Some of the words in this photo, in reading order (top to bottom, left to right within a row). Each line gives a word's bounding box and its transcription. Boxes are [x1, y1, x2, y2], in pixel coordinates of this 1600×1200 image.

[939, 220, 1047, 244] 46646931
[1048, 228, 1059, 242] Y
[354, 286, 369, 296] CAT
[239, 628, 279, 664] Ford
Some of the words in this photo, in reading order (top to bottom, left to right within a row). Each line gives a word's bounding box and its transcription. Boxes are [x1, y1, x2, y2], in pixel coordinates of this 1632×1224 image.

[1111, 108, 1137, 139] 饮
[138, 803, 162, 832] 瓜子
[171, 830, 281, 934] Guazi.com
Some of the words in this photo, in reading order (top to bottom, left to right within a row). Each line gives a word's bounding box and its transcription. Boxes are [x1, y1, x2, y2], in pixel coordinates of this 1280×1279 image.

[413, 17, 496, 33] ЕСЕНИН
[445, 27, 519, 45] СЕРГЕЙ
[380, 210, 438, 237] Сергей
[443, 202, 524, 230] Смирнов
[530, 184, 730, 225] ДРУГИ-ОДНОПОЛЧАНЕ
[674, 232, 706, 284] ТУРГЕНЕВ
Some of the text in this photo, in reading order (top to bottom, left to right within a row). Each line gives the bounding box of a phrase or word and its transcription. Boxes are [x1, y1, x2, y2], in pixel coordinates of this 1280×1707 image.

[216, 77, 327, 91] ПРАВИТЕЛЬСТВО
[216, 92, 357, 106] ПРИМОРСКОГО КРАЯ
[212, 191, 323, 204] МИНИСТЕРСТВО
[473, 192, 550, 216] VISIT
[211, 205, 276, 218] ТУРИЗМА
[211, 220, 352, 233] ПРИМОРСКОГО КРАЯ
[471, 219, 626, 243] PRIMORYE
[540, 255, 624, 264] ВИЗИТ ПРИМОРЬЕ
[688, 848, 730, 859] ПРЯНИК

Problem description ::
All the lines above must be output exactly, with none omitted.

Exercise solution ::
Some of the words in this photo, in reading order (top to bottom, left to right within a row). Each line gives a word's bounding box and its transcription. Boxes are [x1, y1, x2, y2], in pixel coordinates of this 1600×1200 image.

[939, 220, 1047, 244] 46646931
[1048, 228, 1059, 242] Y
[354, 286, 369, 296] CAT
[239, 628, 279, 664] Ford
Some of the words in this photo, in reading order (top to bottom, left to right within a row). Each line gives a word's bounding box and its transcription. Boxes are [x1, y1, x2, y2], in pixel coordinates of this 1632×1224 image.

[1111, 108, 1137, 139] 饮
[138, 803, 162, 832] 瓜子
[171, 830, 281, 934] Guazi.com
Some of the words in this photo, in reading order (top to bottom, left to right within a row). Each line gives a word's bounding box and its transcription. Boxes are [x1, y1, x2, y2], in pixel coordinates of this 1280×1279 image.

[413, 17, 496, 33] ЕСЕНИН
[445, 27, 519, 45] СЕРГЕЙ
[380, 210, 438, 237] Сергей
[443, 202, 524, 230] Смирнов
[530, 184, 730, 225] ДРУГИ-ОДНОПОЛЧАНЕ
[674, 232, 706, 284] ТУРГЕНЕВ
Some of the text in this photo, in reading order (top to bottom, left to right within a row). Each line gives the bounding box of a phrase or word and its transcription. Boxes are [x1, y1, x2, y2], in pixel coordinates of this 1280×1707 image.

[216, 77, 327, 91] ПРАВИТЕЛЬСТВО
[216, 92, 357, 106] ПРИМОРСКОГО КРАЯ
[212, 191, 323, 204] МИНИСТЕРСТВО
[473, 192, 550, 216] VISIT
[211, 205, 276, 218] ТУРИЗМА
[211, 220, 352, 233] ПРИМОРСКОГО КРАЯ
[471, 219, 626, 243] PRIMORYE
[540, 255, 624, 264] ВИЗИТ ПРИМОРЬЕ
[688, 848, 730, 859] ПРЯНИК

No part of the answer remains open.